The whole listing is to be restated, character for character.

ENTRIES SHOWN ::
───
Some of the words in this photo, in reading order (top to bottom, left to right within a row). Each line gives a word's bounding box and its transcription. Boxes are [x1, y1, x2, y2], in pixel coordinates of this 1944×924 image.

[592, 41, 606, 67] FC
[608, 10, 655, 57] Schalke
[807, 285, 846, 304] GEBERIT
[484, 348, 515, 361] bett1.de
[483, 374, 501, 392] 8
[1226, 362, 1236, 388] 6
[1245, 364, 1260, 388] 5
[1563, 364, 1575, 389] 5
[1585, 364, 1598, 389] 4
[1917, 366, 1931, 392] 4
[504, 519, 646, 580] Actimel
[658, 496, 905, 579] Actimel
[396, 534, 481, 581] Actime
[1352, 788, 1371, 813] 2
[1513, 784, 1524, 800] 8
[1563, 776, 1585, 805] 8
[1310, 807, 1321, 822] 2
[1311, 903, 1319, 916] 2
───
RESPONSE TO THIS TASK ::
Some of the words in this photo, in reading order (top to bottom, left to right within a row). Each line gives a word's bounding box and its transcription. Boxes are [x1, y1, x2, y2], in pixel coordinates of this 1944×924 image.

[592, 41, 606, 67] FC
[608, 10, 655, 57] Schalke
[807, 285, 846, 304] GEBERIT
[484, 348, 515, 361] bett1.de
[483, 374, 501, 392] 8
[1226, 362, 1236, 388] 6
[1245, 364, 1260, 388] 5
[1563, 364, 1575, 389] 5
[1585, 364, 1598, 389] 4
[1917, 366, 1931, 392] 4
[504, 519, 646, 580] Actimel
[658, 496, 905, 579] Actimel
[396, 534, 481, 581] Actime
[1352, 788, 1371, 813] 2
[1513, 784, 1524, 800] 8
[1563, 776, 1585, 805] 8
[1310, 807, 1321, 822] 2
[1311, 903, 1319, 916] 2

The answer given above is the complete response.